TASK DETAILS — Return the entries below word for word. No picture belongs in the copy.

MATERIALS PROVIDED —
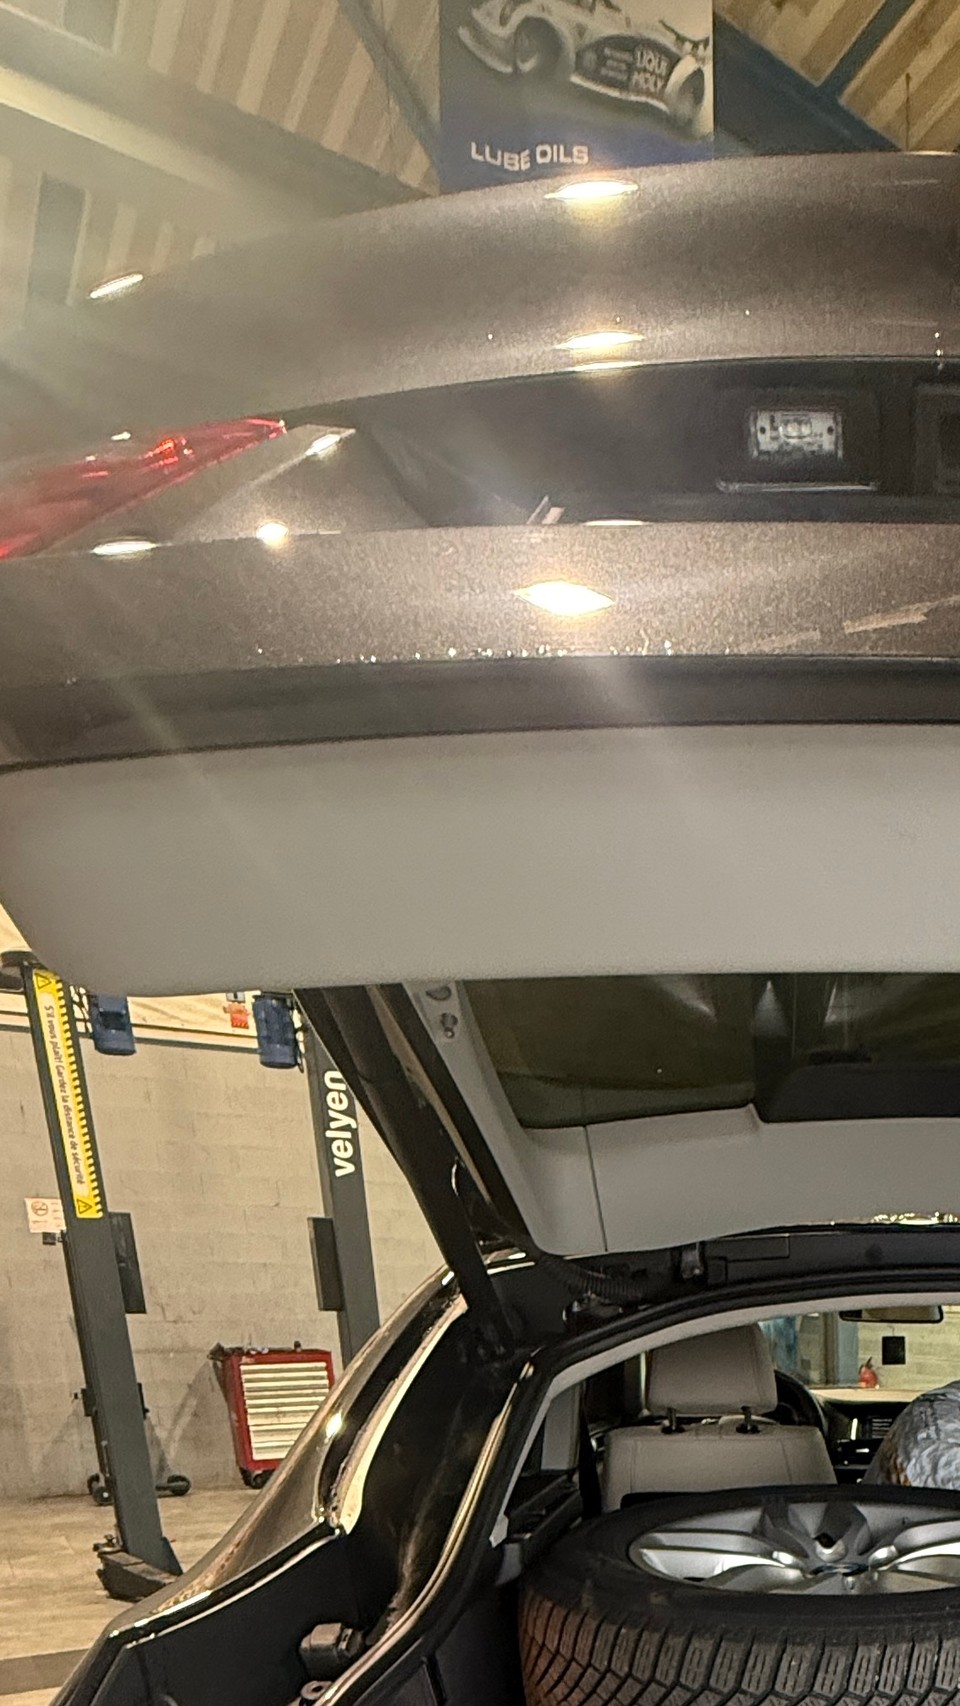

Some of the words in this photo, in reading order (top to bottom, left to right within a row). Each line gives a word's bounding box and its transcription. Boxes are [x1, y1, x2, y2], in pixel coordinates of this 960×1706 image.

[471, 141, 530, 171] LUBE
[535, 143, 589, 165] OILS
[48, 1019, 57, 1040] vous
[55, 1064, 67, 1093] Gardez
[61, 1095, 70, 1103] la
[63, 1104, 76, 1139] distance
[324, 1070, 357, 1177] velyen
[70, 1140, 79, 1151] de
[72, 1153, 86, 1185] sécurité
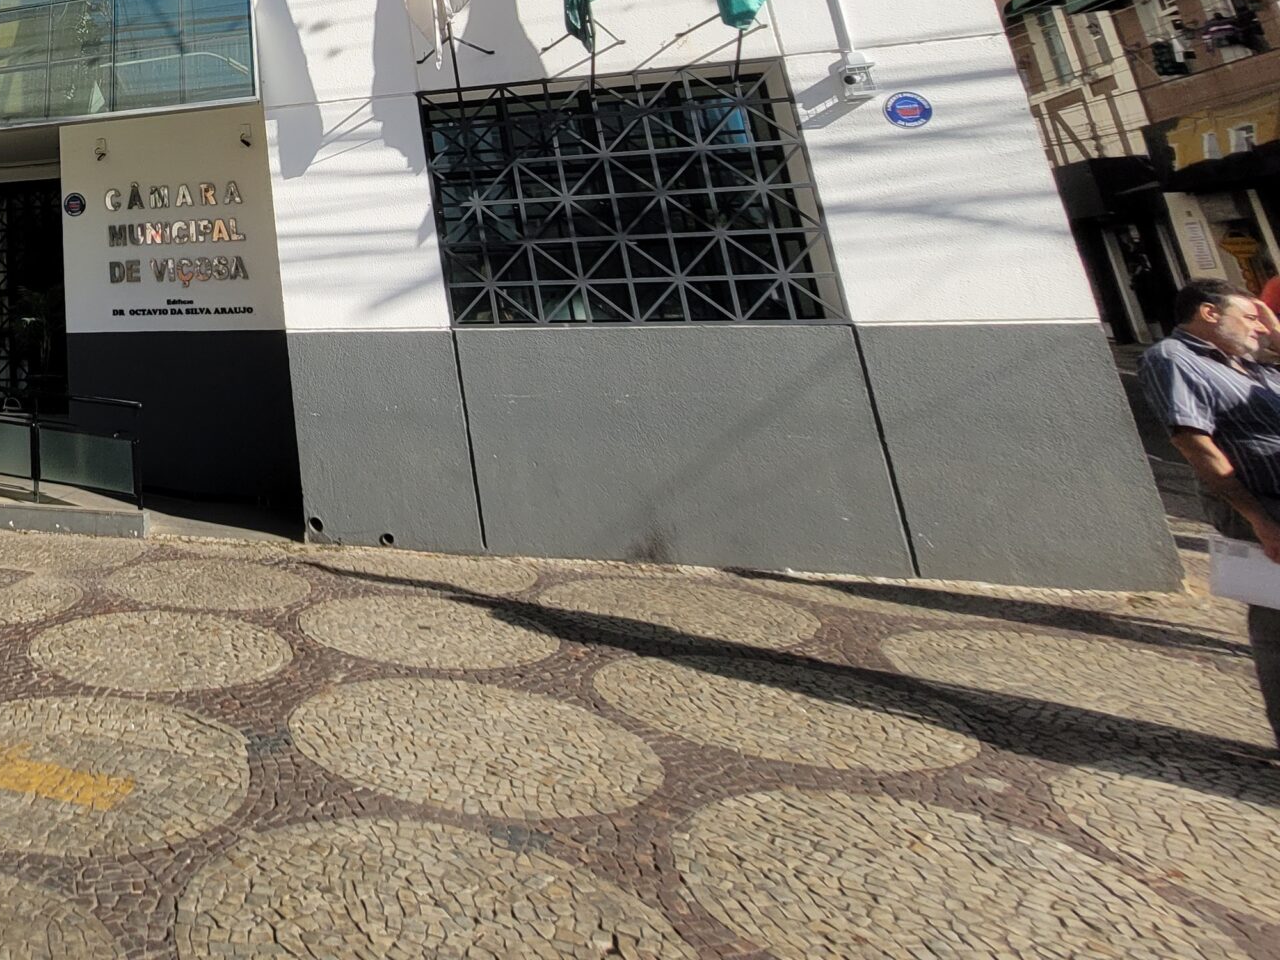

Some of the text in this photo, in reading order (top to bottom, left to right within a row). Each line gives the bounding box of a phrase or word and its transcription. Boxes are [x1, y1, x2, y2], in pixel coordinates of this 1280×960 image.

[105, 180, 243, 211] CÂMARA
[108, 217, 247, 248] MUNICIPAL
[108, 256, 249, 289] DE VIÇOSA
[112, 309, 125, 317] DR
[129, 308, 169, 316] OCTAVIO
[185, 307, 212, 315] SILVA
[213, 306, 254, 315] ARAUJO
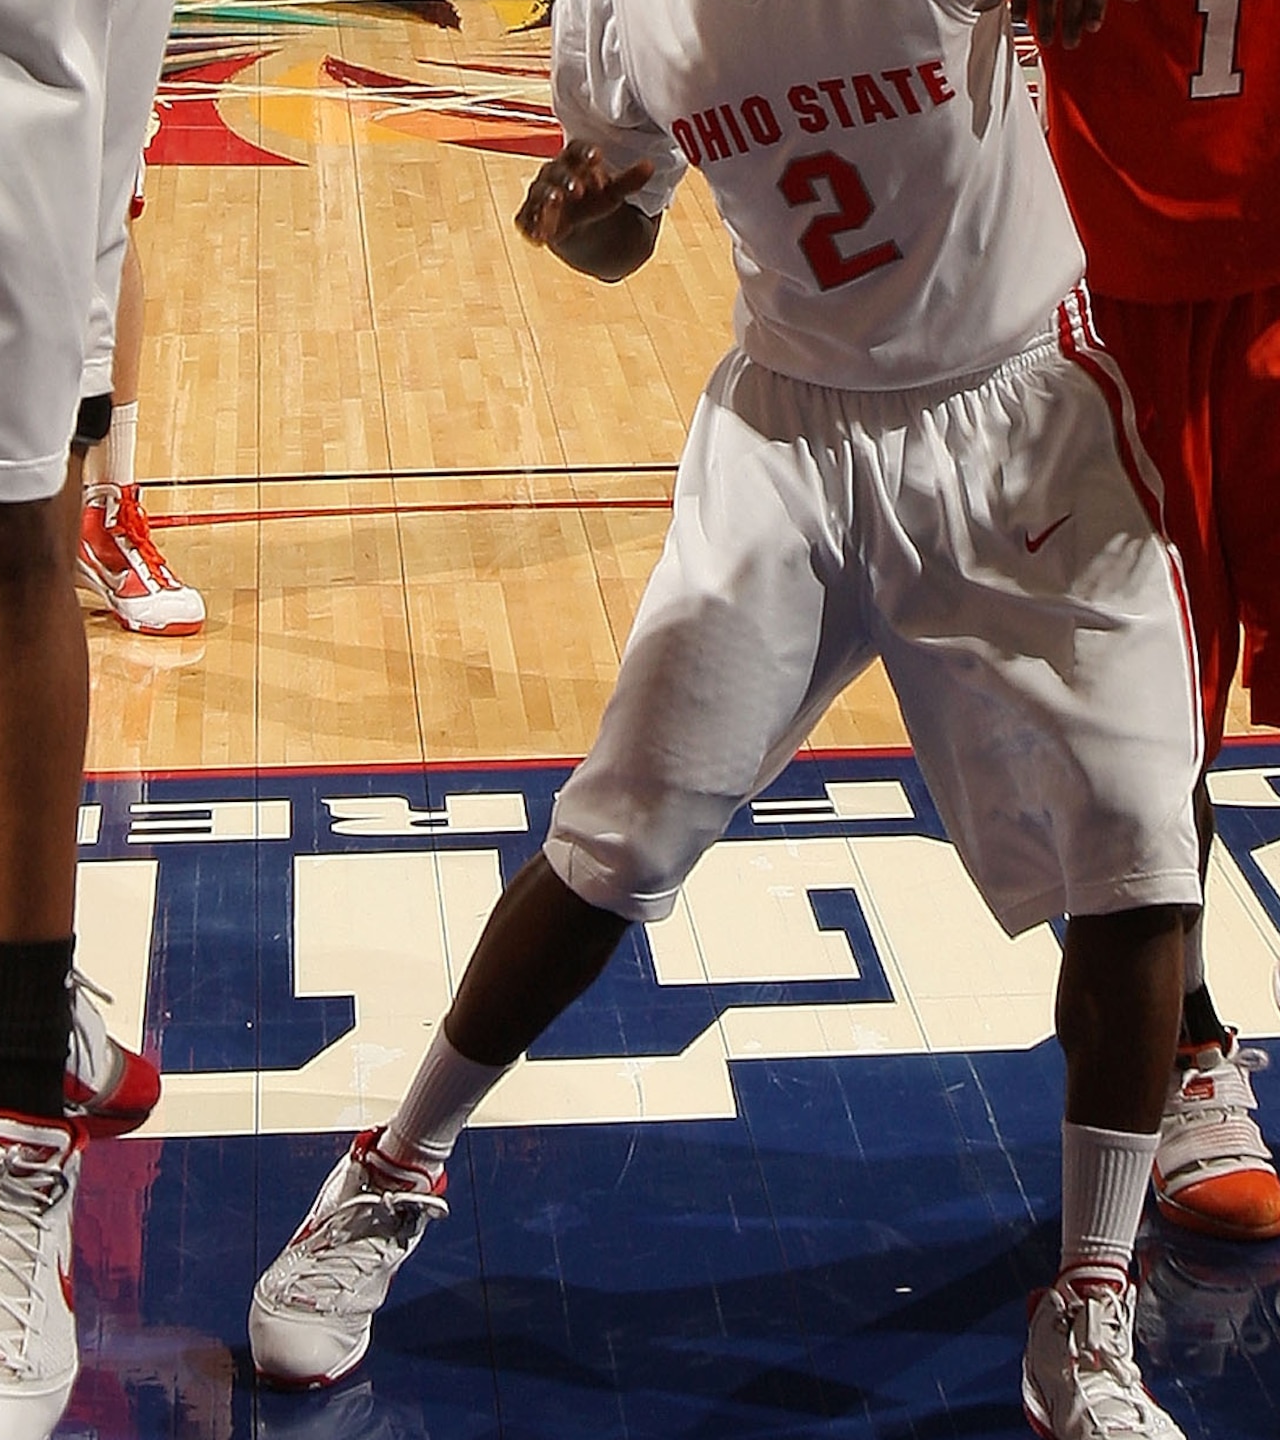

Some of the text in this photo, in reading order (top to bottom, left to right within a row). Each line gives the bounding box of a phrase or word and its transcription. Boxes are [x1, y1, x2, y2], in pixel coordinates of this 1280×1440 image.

[671, 59, 955, 168] OHIO STATE
[776, 150, 904, 292] 2

EXERCISE ANSWER —
Some of the words in this photo, in reading order (top to bottom, left to right within a row). Each line gives a word's bounding box and its transcription. Boxes are [x1, y1, x2, y2], in pixel coordinates of this 960×1706 image.

[471, 141, 530, 171] LUBE
[535, 143, 589, 165] OILS
[48, 1019, 57, 1040] vous
[55, 1064, 67, 1093] Gardez
[61, 1095, 70, 1103] la
[63, 1104, 76, 1139] distance
[324, 1070, 357, 1177] velyen
[70, 1140, 79, 1151] de
[72, 1153, 86, 1185] sécurité

Some of the text in this photo, in reading order (top to bottom, left to right within a row). Each line gives the bounding box of a phrase or word and its transcription. Boxes are [x1, y1, x2, y2], in pixel coordinates of this 1280×960 image.

[105, 180, 243, 211] CÂMARA
[108, 217, 247, 248] MUNICIPAL
[108, 256, 249, 289] DE VIÇOSA
[112, 309, 125, 317] DR
[129, 308, 169, 316] OCTAVIO
[185, 307, 212, 315] SILVA
[213, 306, 254, 315] ARAUJO

Some of the text in this photo, in reading order (top to bottom, left to right within a row). Each line gives the bounding box of a phrase or word and its transcription. Boxes are [x1, y1, x2, y2], in pixel coordinates of this 1280×1440 image.

[671, 59, 955, 168] OHIO STATE
[776, 150, 904, 292] 2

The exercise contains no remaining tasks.